■ **Data records**
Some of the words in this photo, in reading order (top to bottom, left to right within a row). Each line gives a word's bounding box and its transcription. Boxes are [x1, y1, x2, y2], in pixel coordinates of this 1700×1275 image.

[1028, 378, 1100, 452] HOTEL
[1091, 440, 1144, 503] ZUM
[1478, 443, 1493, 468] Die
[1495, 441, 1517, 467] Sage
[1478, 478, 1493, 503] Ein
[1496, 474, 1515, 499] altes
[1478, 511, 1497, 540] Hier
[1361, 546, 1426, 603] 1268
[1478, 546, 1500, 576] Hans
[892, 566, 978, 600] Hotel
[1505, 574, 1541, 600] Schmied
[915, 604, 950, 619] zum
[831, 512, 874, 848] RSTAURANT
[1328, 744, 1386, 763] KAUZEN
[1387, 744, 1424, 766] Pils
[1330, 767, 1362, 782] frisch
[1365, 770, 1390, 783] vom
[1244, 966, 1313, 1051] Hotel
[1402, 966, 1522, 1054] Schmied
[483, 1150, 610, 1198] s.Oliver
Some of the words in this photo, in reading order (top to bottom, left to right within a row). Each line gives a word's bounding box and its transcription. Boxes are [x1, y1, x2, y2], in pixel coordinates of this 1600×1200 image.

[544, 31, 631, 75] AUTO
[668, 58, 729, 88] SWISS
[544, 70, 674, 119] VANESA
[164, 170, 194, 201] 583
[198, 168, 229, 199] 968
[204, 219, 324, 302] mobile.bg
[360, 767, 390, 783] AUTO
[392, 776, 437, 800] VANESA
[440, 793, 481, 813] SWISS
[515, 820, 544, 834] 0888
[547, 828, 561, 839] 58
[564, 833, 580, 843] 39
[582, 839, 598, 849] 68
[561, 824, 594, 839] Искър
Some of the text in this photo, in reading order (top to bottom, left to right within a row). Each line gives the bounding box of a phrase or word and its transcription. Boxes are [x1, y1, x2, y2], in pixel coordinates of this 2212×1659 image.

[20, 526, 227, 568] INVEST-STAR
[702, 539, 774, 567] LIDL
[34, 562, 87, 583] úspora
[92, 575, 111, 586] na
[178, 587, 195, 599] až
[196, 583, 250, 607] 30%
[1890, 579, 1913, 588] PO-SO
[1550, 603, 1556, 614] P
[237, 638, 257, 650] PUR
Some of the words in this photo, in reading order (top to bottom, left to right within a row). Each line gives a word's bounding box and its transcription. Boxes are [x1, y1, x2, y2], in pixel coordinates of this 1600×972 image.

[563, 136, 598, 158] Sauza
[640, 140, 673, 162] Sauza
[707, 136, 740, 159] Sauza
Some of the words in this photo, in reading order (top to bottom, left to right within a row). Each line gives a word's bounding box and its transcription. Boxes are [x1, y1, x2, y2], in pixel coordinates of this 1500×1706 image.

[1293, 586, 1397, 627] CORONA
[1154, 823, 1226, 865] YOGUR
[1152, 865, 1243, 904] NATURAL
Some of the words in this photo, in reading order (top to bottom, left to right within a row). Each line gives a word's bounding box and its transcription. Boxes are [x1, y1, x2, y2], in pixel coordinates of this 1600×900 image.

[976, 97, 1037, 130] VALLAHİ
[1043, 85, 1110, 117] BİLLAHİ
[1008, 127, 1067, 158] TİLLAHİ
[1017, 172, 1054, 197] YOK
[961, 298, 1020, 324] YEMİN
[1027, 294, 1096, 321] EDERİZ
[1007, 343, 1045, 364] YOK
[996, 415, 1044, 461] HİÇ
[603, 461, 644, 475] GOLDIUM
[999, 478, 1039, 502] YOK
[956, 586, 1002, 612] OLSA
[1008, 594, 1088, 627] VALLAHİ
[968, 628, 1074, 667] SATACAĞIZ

■ **Required action**
Every line of the data must be written out again word for word.

■ **Response to this task**
Some of the words in this photo, in reading order (top to bottom, left to right within a row). Each line gives a word's bounding box and its transcription. Boxes are [x1, y1, x2, y2], in pixel coordinates of this 1700×1275 image.

[1028, 378, 1100, 452] HOTEL
[1091, 440, 1144, 503] ZUM
[1478, 443, 1493, 468] Die
[1495, 441, 1517, 467] Sage
[1478, 478, 1493, 503] Ein
[1496, 474, 1515, 499] altes
[1478, 511, 1497, 540] Hier
[1361, 546, 1426, 603] 1268
[1478, 546, 1500, 576] Hans
[892, 566, 978, 600] Hotel
[1505, 574, 1541, 600] Schmied
[915, 604, 950, 619] zum
[831, 512, 874, 848] RSTAURANT
[1328, 744, 1386, 763] KAUZEN
[1387, 744, 1424, 766] Pils
[1330, 767, 1362, 782] frisch
[1365, 770, 1390, 783] vom
[1244, 966, 1313, 1051] Hotel
[1402, 966, 1522, 1054] Schmied
[483, 1150, 610, 1198] s.Oliver
Some of the words in this photo, in reading order (top to bottom, left to right within a row). Each line gives a word's bounding box and its transcription. Boxes are [x1, y1, x2, y2], in pixel coordinates of this 1600×1200 image.

[544, 31, 631, 75] AUTO
[668, 58, 729, 88] SWISS
[544, 70, 674, 119] VANESA
[164, 170, 194, 201] 583
[198, 168, 229, 199] 968
[204, 219, 324, 302] mobile.bg
[360, 767, 390, 783] AUTO
[392, 776, 437, 800] VANESA
[440, 793, 481, 813] SWISS
[515, 820, 544, 834] 0888
[547, 828, 561, 839] 58
[564, 833, 580, 843] 39
[582, 839, 598, 849] 68
[561, 824, 594, 839] Искър
Some of the text in this photo, in reading order (top to bottom, left to right within a row). Each line gives the bounding box of a phrase or word and its transcription. Boxes are [x1, y1, x2, y2], in pixel coordinates of this 2212×1659 image.

[20, 526, 227, 568] INVEST-STAR
[702, 539, 774, 567] LIDL
[34, 562, 87, 583] úspora
[92, 575, 111, 586] na
[178, 587, 195, 599] až
[196, 583, 250, 607] 30%
[1890, 579, 1913, 588] PO-SO
[1550, 603, 1556, 614] P
[237, 638, 257, 650] PUR
Some of the words in this photo, in reading order (top to bottom, left to right within a row). Each line gives a word's bounding box and its transcription. Boxes are [x1, y1, x2, y2], in pixel coordinates of this 1600×972 image.

[563, 136, 598, 158] Sauza
[640, 140, 673, 162] Sauza
[707, 136, 740, 159] Sauza
Some of the words in this photo, in reading order (top to bottom, left to right within a row). Each line gives a word's bounding box and its transcription. Boxes are [x1, y1, x2, y2], in pixel coordinates of this 1500×1706 image.

[1293, 586, 1397, 627] CORONA
[1154, 823, 1226, 865] YOGUR
[1152, 865, 1243, 904] NATURAL
Some of the words in this photo, in reading order (top to bottom, left to right within a row). Each line gives a word's bounding box and its transcription. Boxes are [x1, y1, x2, y2], in pixel coordinates of this 1600×900 image.

[976, 97, 1037, 130] VALLAHİ
[1043, 85, 1110, 117] BİLLAHİ
[1008, 127, 1067, 158] TİLLAHİ
[1017, 172, 1054, 197] YOK
[961, 298, 1020, 324] YEMİN
[1027, 294, 1096, 321] EDERİZ
[1007, 343, 1045, 364] YOK
[996, 415, 1044, 461] HİÇ
[603, 461, 644, 475] GOLDIUM
[999, 478, 1039, 502] YOK
[956, 586, 1002, 612] OLSA
[1008, 594, 1088, 627] VALLAHİ
[968, 628, 1074, 667] SATACAĞIZ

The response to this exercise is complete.